*** Opening Dataset records ***

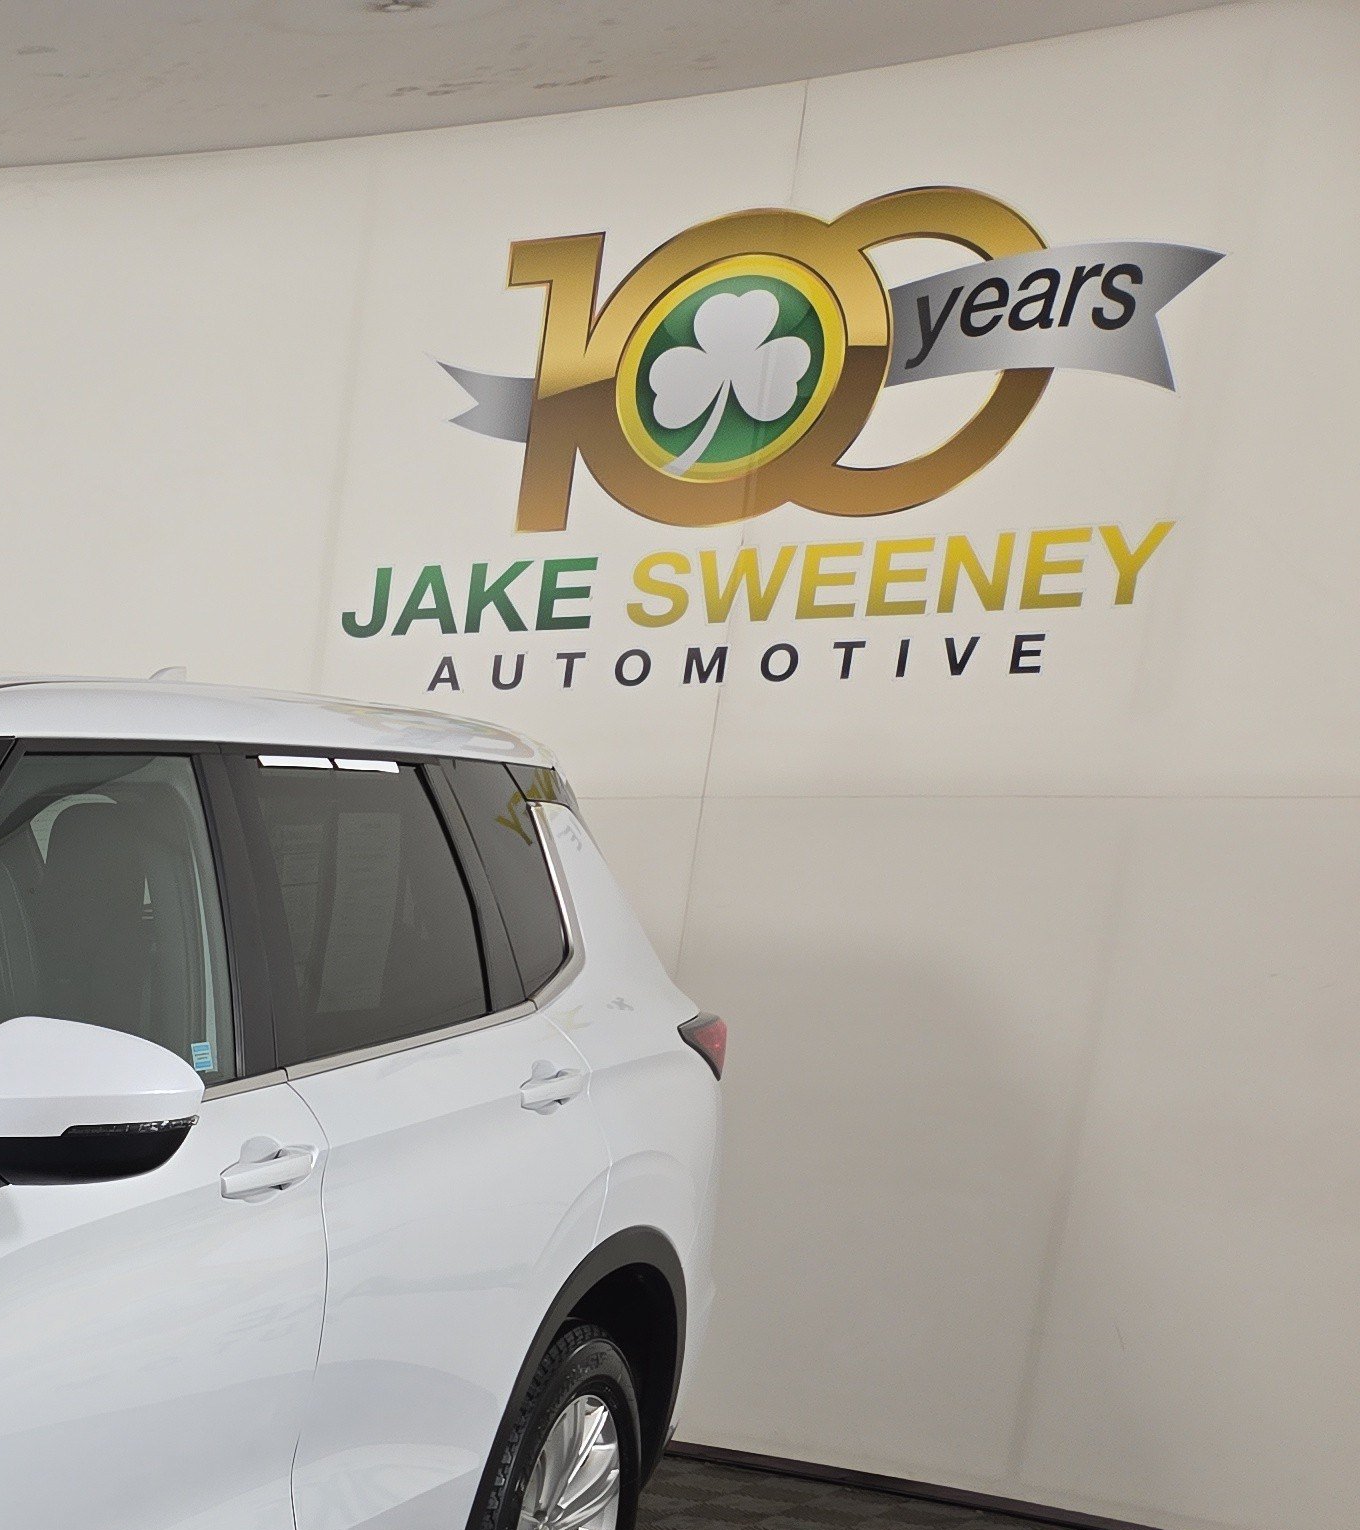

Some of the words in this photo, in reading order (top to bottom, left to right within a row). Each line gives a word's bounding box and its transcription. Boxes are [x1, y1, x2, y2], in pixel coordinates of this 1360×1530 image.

[904, 256, 1144, 370] years
[341, 556, 599, 639] JAKE
[625, 521, 1176, 628] SWEENEY
[426, 632, 1048, 692] AUTOMOTIVE
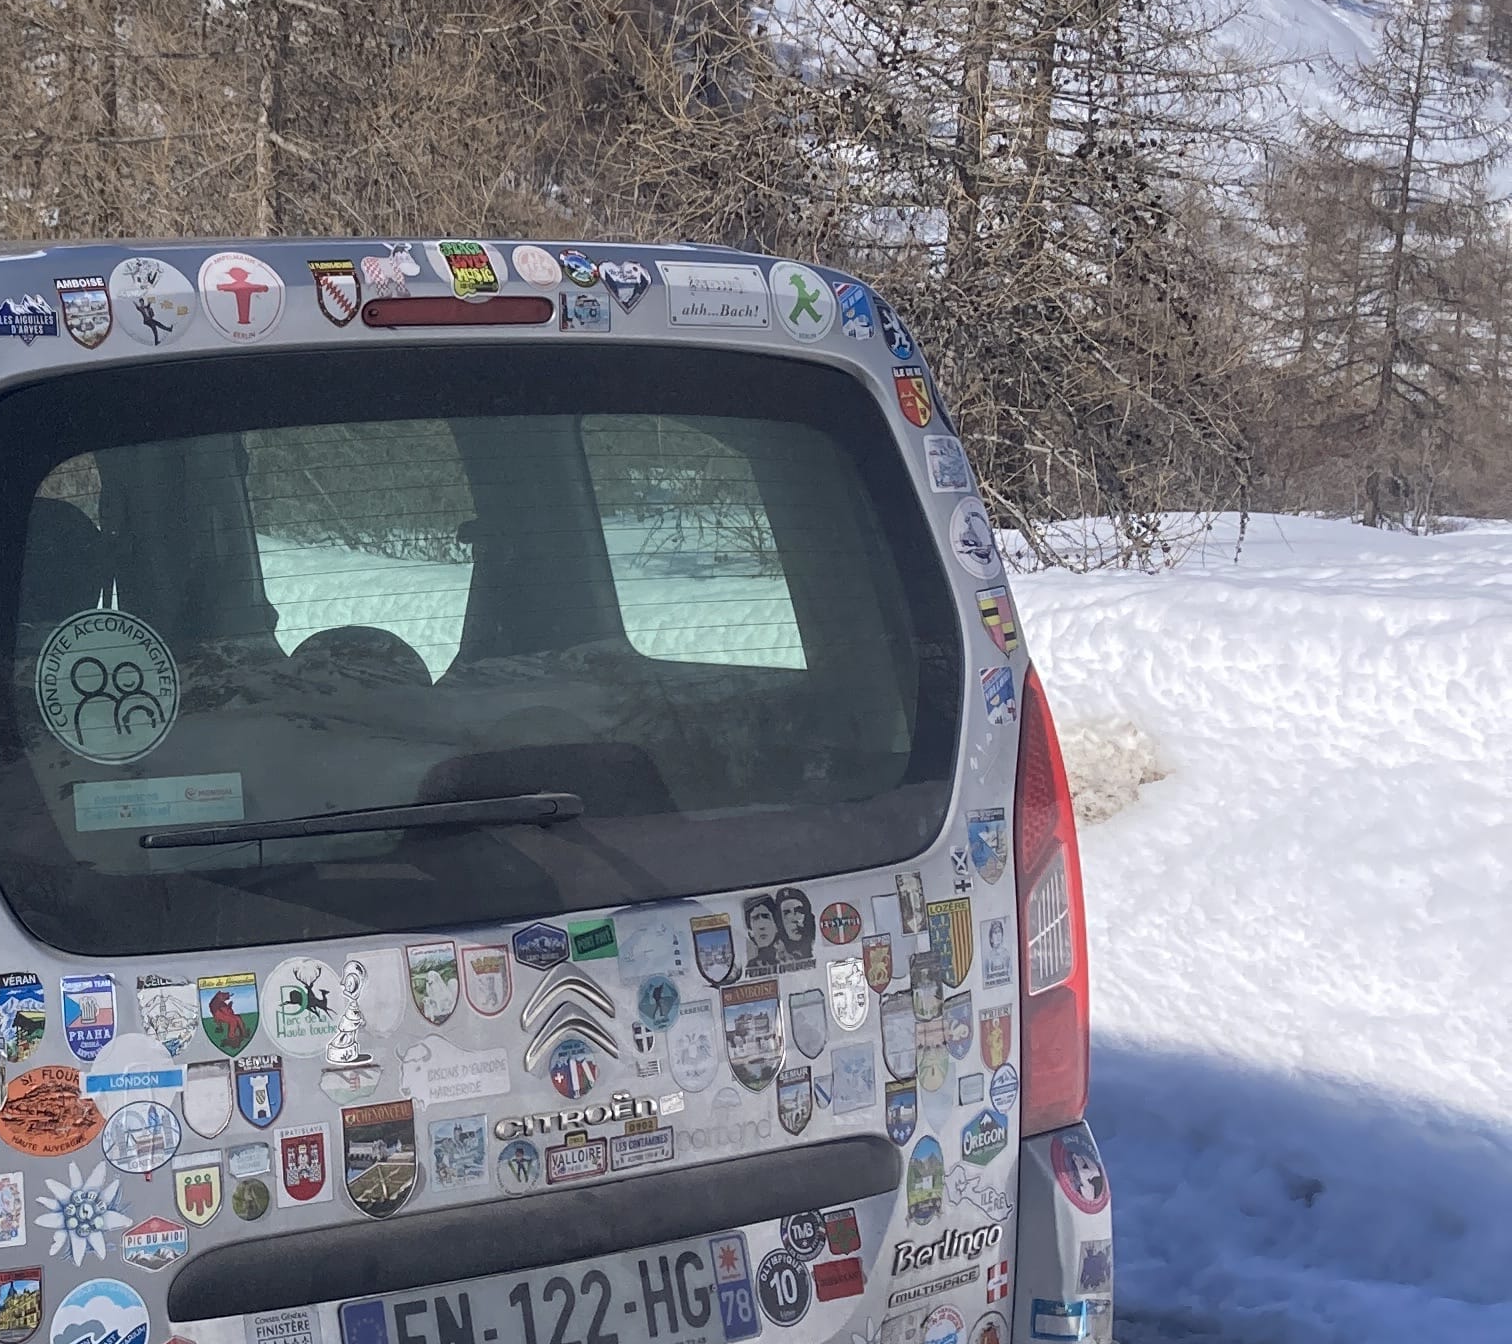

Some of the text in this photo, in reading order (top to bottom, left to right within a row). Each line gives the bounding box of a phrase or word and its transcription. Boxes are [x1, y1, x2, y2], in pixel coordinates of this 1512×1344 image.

[455, 268, 494, 282] MUSIC
[55, 277, 104, 289] AMBOISE
[0, 315, 54, 325] LES AIGUILLES
[11, 325, 44, 335] D'ARVES
[45, 635, 72, 727] CONDUITE
[929, 902, 967, 915] LOZÈRE
[2, 973, 36, 987] VÉRAN
[94, 980, 112, 988] TEAM
[69, 1029, 111, 1041] PRAHA
[42, 1069, 80, 1084] FLOUR
[110, 1074, 159, 1088] LONDON
[280, 1125, 324, 1137] BRATISLAVA
[13, 1136, 86, 1152] HAUTE AUVERGNE
[616, 1142, 627, 1153] LES
[963, 1127, 1005, 1155] OREGON
[551, 1147, 602, 1168] VALLOIRE
[792, 1222, 814, 1240] TMB
[127, 1231, 183, 1247] PIC DU MIDI
[892, 1224, 1003, 1276] Berlingo
[760, 1255, 803, 1282] OLYMPIQUE
[770, 1269, 797, 1306] 10
[895, 1271, 977, 1303] MULTISPACE
[721, 1288, 752, 1326] 78
[256, 1320, 310, 1338] FINISTÈRE
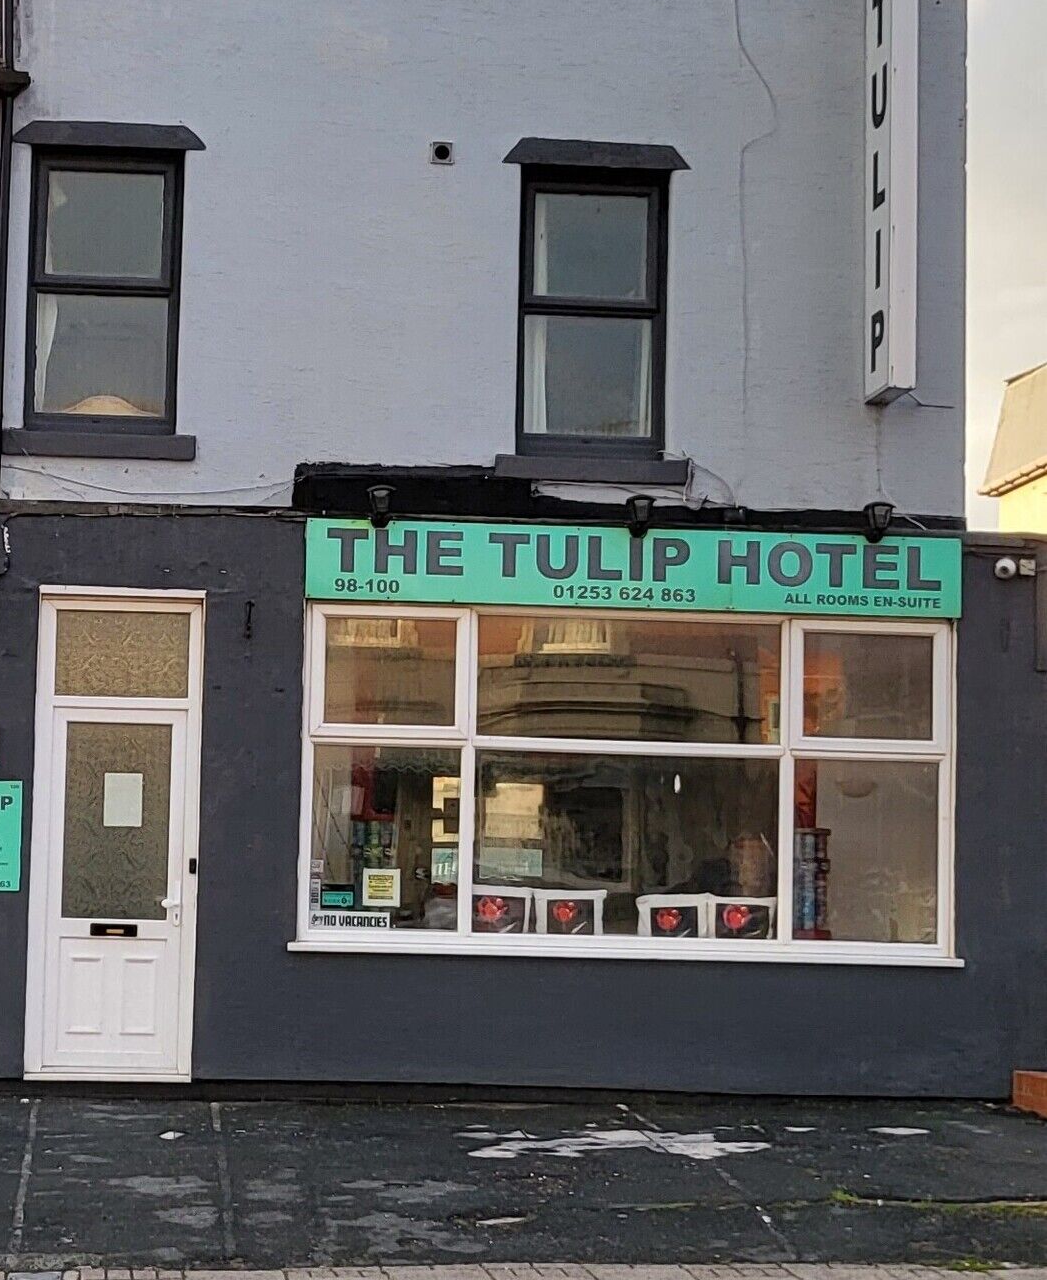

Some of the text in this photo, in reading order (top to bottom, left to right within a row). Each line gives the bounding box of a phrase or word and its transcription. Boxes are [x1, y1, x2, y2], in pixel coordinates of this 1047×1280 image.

[326, 527, 942, 592] THE TULIP HOTEL
[334, 578, 400, 594] 98-100
[553, 584, 696, 603] 01253 624 863
[784, 592, 941, 609] ALL ROOMS EN-SUITE
[324, 915, 337, 927] NO
[338, 915, 388, 928] VACANCIES
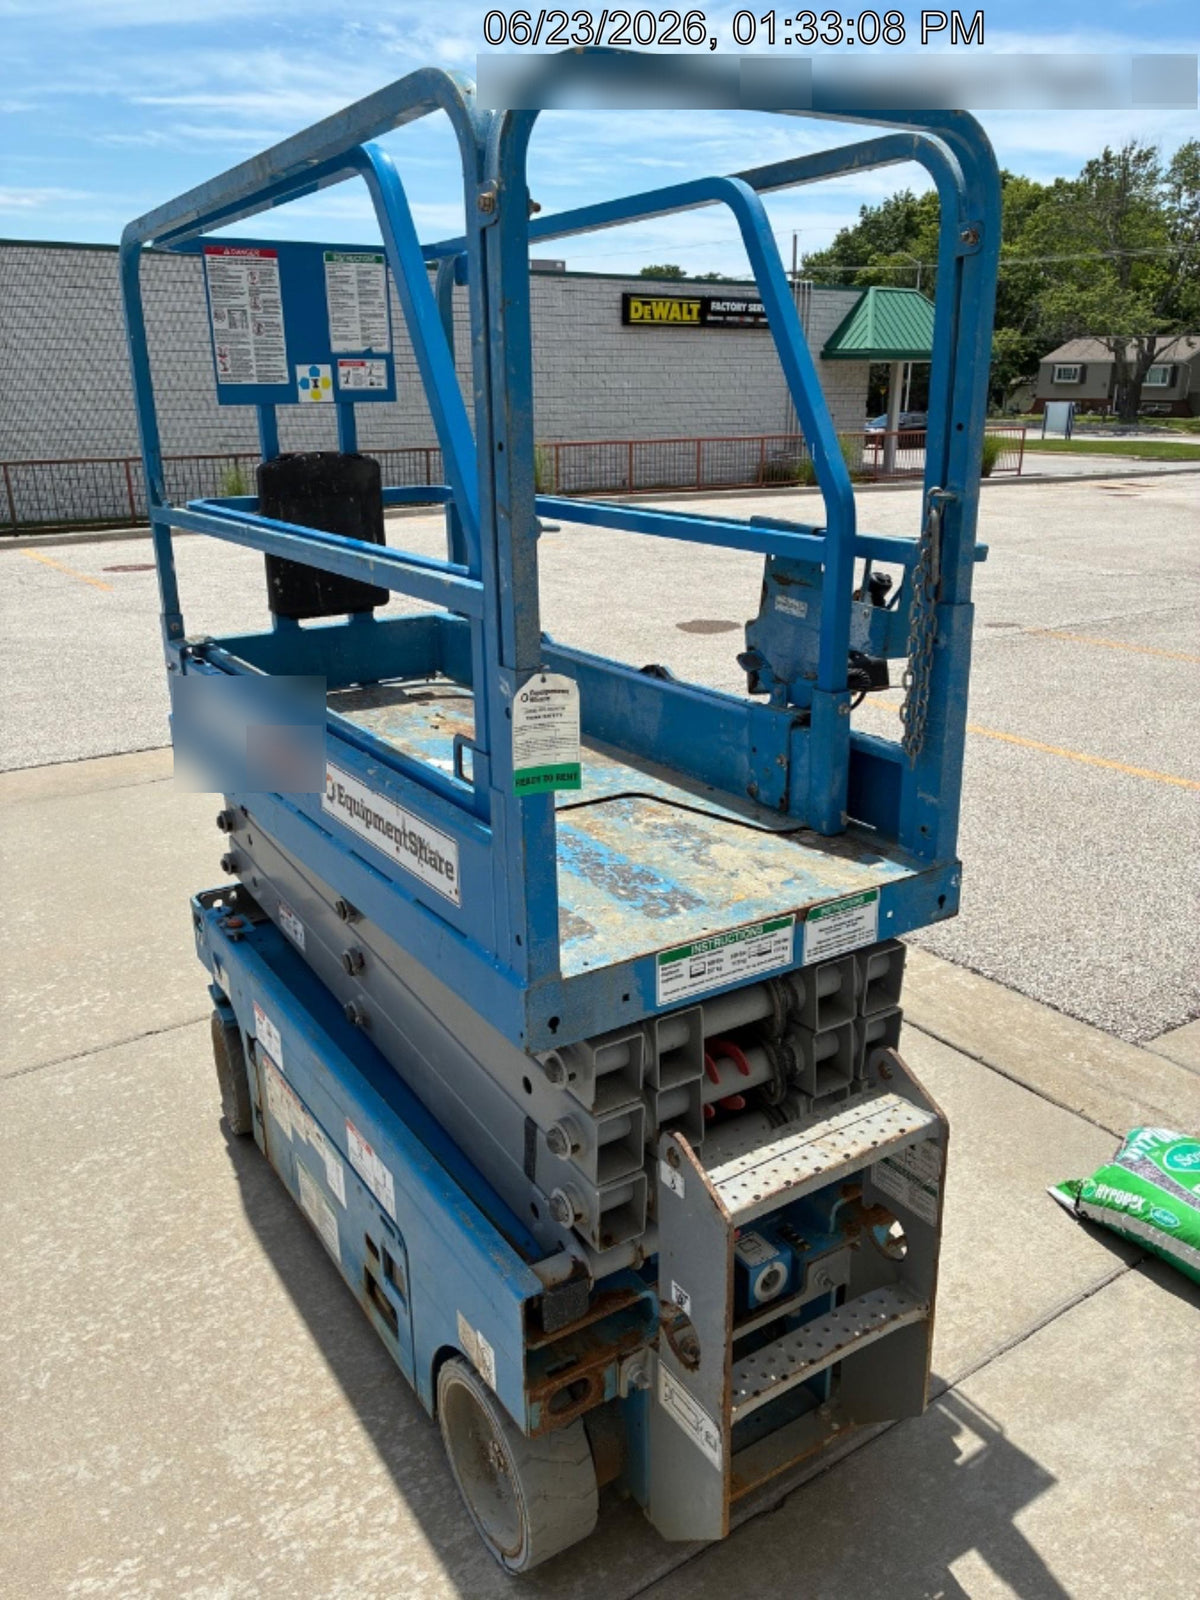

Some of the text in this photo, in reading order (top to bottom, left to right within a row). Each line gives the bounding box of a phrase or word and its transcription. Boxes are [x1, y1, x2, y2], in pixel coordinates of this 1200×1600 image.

*** Closing Dataset records ***

▶ What you need to do: Each line of the data is to be duplicated exactly; pictures stay out of the copy.

▶ Your solution:
Some of the words in this photo, in reading order (top to bottom, left to right within a row). Each line gives a word's bounding box and its transcription. Boxes are [x1, y1, x2, y2], in pixel coordinates of this 1360×1530 image.

[904, 256, 1144, 370] years
[341, 556, 599, 639] JAKE
[625, 521, 1176, 628] SWEENEY
[426, 632, 1048, 692] AUTOMOTIVE

Some of the text in this photo, in reading order (top to bottom, left to right within a row). Each line gives the bounding box of a phrase or word and its transcription. Boxes are [x1, y1, x2, y2], in pixel coordinates of this 1512×1344 image.

[455, 268, 494, 282] MUSIC
[55, 277, 104, 289] AMBOISE
[0, 315, 54, 325] LES AIGUILLES
[11, 325, 44, 335] D'ARVES
[45, 635, 72, 727] CONDUITE
[929, 902, 967, 915] LOZÈRE
[2, 973, 36, 987] VÉRAN
[94, 980, 112, 988] TEAM
[69, 1029, 111, 1041] PRAHA
[42, 1069, 80, 1084] FLOUR
[110, 1074, 159, 1088] LONDON
[280, 1125, 324, 1137] BRATISLAVA
[13, 1136, 86, 1152] HAUTE AUVERGNE
[616, 1142, 627, 1153] LES
[963, 1127, 1005, 1155] OREGON
[551, 1147, 602, 1168] VALLOIRE
[792, 1222, 814, 1240] TMB
[127, 1231, 183, 1247] PIC DU MIDI
[892, 1224, 1003, 1276] Berlingo
[760, 1255, 803, 1282] OLYMPIQUE
[770, 1269, 797, 1306] 10
[895, 1271, 977, 1303] MULTISPACE
[721, 1288, 752, 1326] 78
[256, 1320, 310, 1338] FINISTÈRE

Some of the text in this photo, in reading order (top to bottom, left to right within a row). Each line gives the bounding box of a phrase or word and its transcription. Boxes are [x1, y1, x2, y2], in pixel coordinates of this 1047×1280 image.

[326, 527, 942, 592] THE TULIP HOTEL
[334, 578, 400, 594] 98-100
[553, 584, 696, 603] 01253 624 863
[784, 592, 941, 609] ALL ROOMS EN-SUITE
[324, 915, 337, 927] NO
[338, 915, 388, 928] VACANCIES

Some of the text in this photo, in reading order (top to bottom, left to right within a row). Each line gives the bounding box of a phrase or word and its transcription. Boxes are [x1, y1, x2, y2], in pixel coordinates of this 1200×1600 image.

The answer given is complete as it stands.